I braced a hand on his shoulder, got a few fingers under the rim of his helmet, and tore it off. He looked about forty-five years old, dark brown hair and a mustache, some firefighter on his weekend hobby. He looked terrified, and angry. I could hear sirens, but I stayed on him, held him down with one foot while I tore the armor off him piece by piece, taking my time, feeling the straps part, tearing wires out. So this is a hero, I thought. I told him what I thought of the workmanship on his armor, because I could tell he had built it himself, and then I left.
But that guy was an amateur, a fading sports hero with an engineering degree. These are the Champions, or what’s left of them. They’re world-class. They have communicators and a headquarters and VTOL jets. I wish Psychic Prime were here, and sober. Or Lily. Lily was so good at this part. Well, I’m a professional, too, or so the newspapers claim. I grab a napkin out of the dispenser and keep it over my nose and mouth while the civilians clear out. Always protect your identity.
No need to stand on ceremony. I snatch a mug from the table next to me, and with no windup throw it as hard as I can at Blackwolf’s head. He sees it coming, of course, and it shatters harmlessly on the wall next to him. At least it gets him out of the doorway.

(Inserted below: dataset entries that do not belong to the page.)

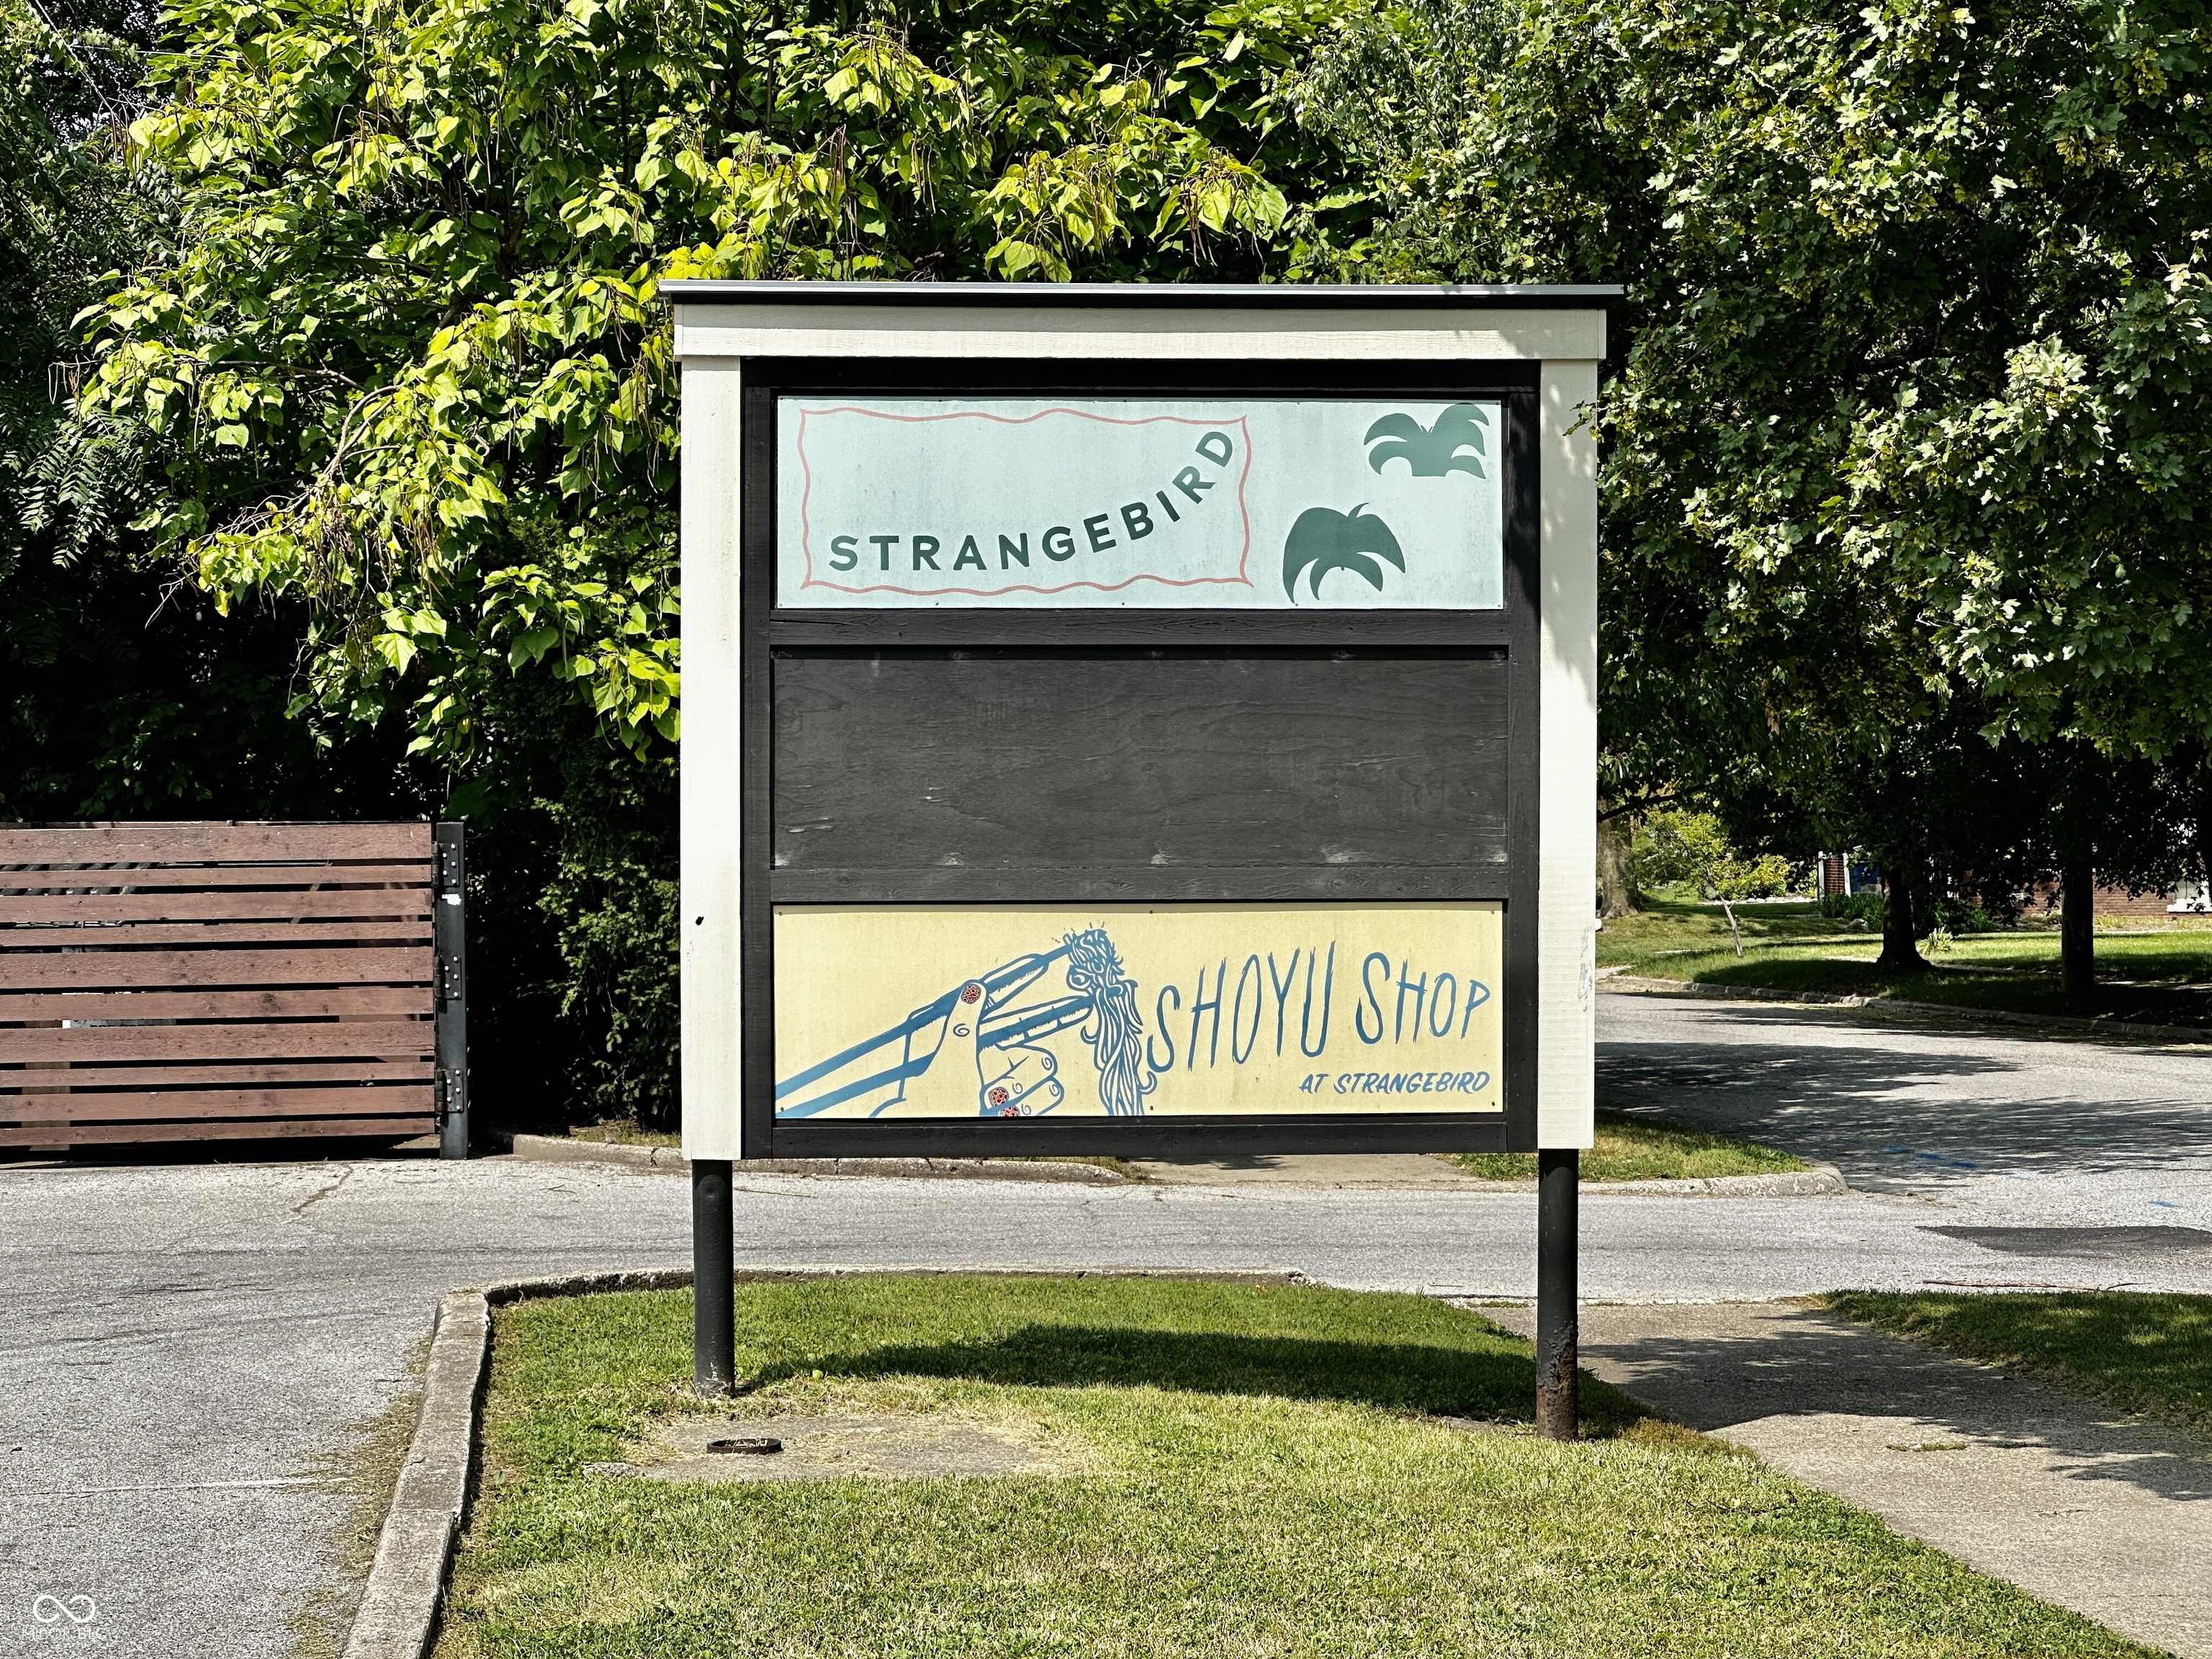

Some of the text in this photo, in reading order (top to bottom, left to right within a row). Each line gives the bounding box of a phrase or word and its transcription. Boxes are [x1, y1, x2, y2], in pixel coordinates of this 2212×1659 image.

[828, 431, 1233, 571] STRANGEBIRD
[1147, 940, 1491, 1073] SHOYU SHOP
[1299, 1071, 1491, 1094] AT STRANGEBIRD
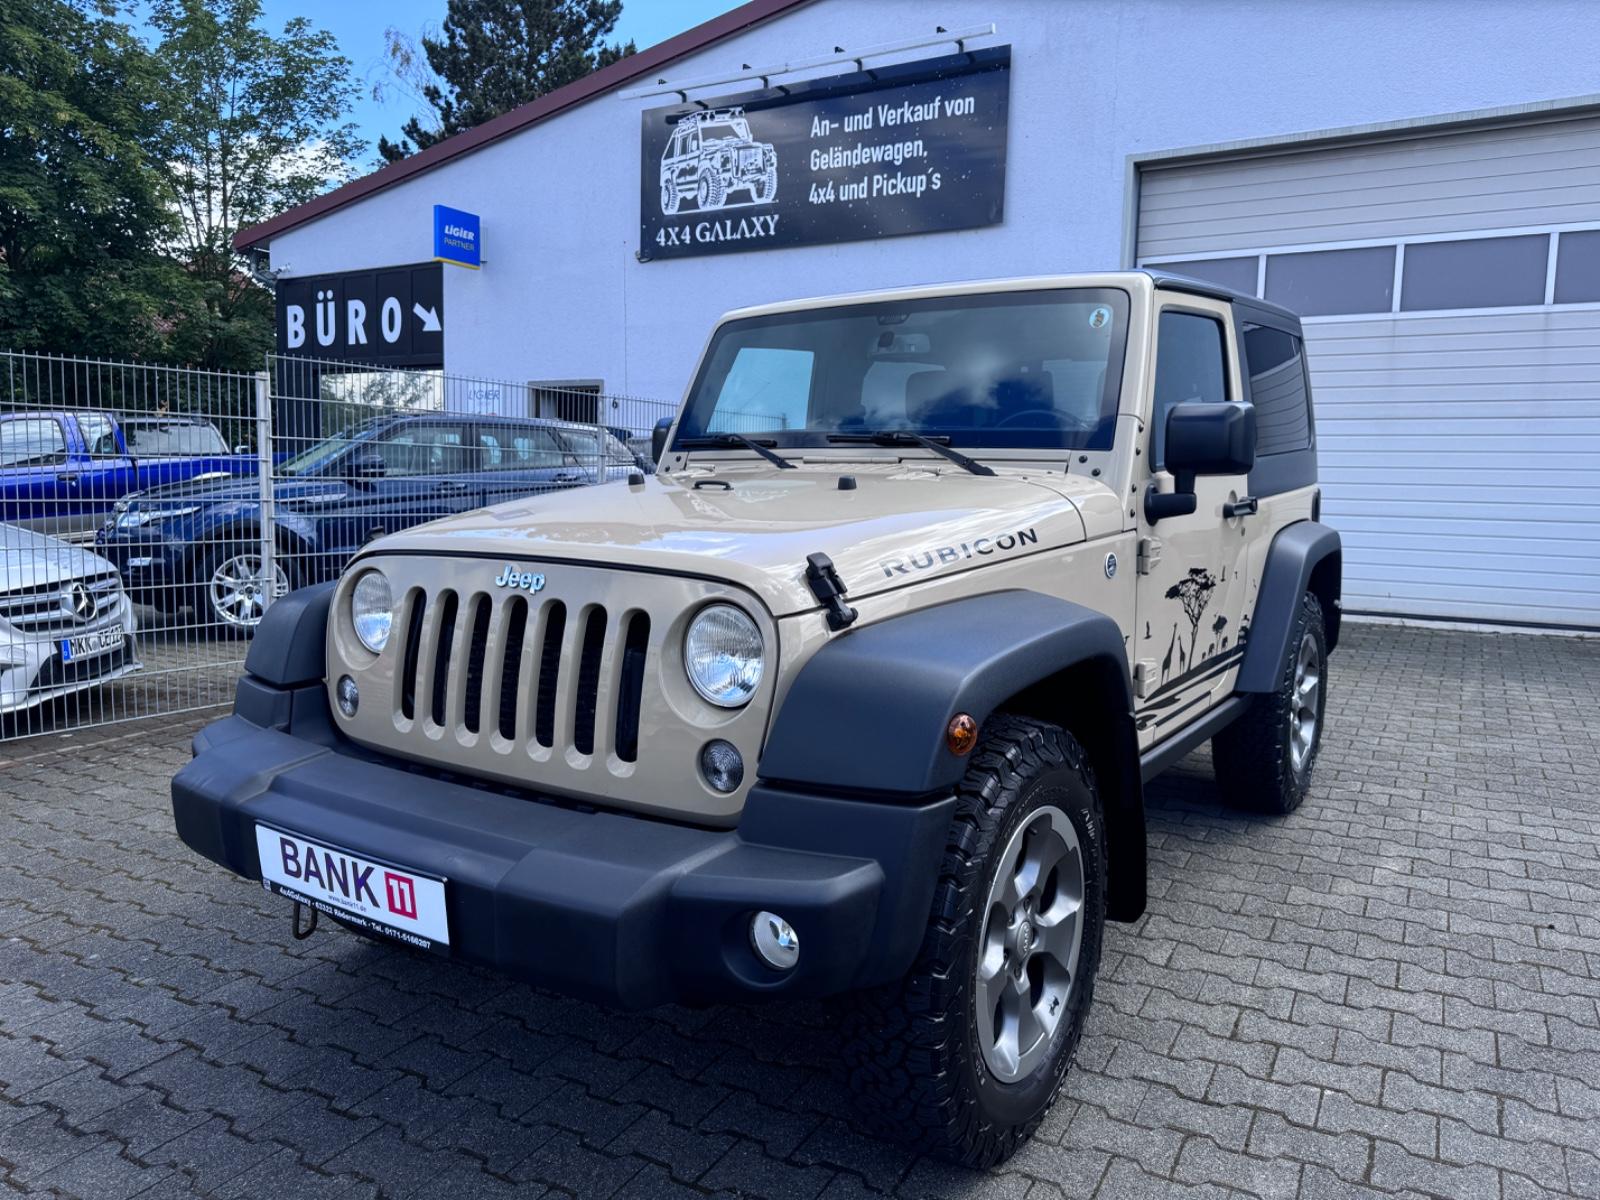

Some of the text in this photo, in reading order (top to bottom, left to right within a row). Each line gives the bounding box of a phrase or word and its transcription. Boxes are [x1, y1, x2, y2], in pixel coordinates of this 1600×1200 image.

[810, 95, 975, 138] An- und Verkauf von
[810, 139, 928, 171] Geländewagen,
[808, 181, 835, 205] 4x4
[839, 176, 868, 201] und
[444, 236, 475, 252] PARTNER
[695, 214, 779, 243] GALAXY
[286, 289, 402, 349] BÜRO
[879, 528, 1039, 577] RUBICON
[495, 564, 546, 595] Jeep
[279, 836, 414, 915] BANK 11

Christ. Okay. They must have been nearby, beating up on a small-timer, maybe, or just out shopping for more leotards. Police are probably already stopping traffic for them, setting the stage for my demolition. I have sixty seconds at most. I’m trying not to panic. Villains are supposed to be able to improvise. For a mask, I stick the napkin to my face with a roll of tape from behind the counter, then kick out a clear area in the middle of the tables.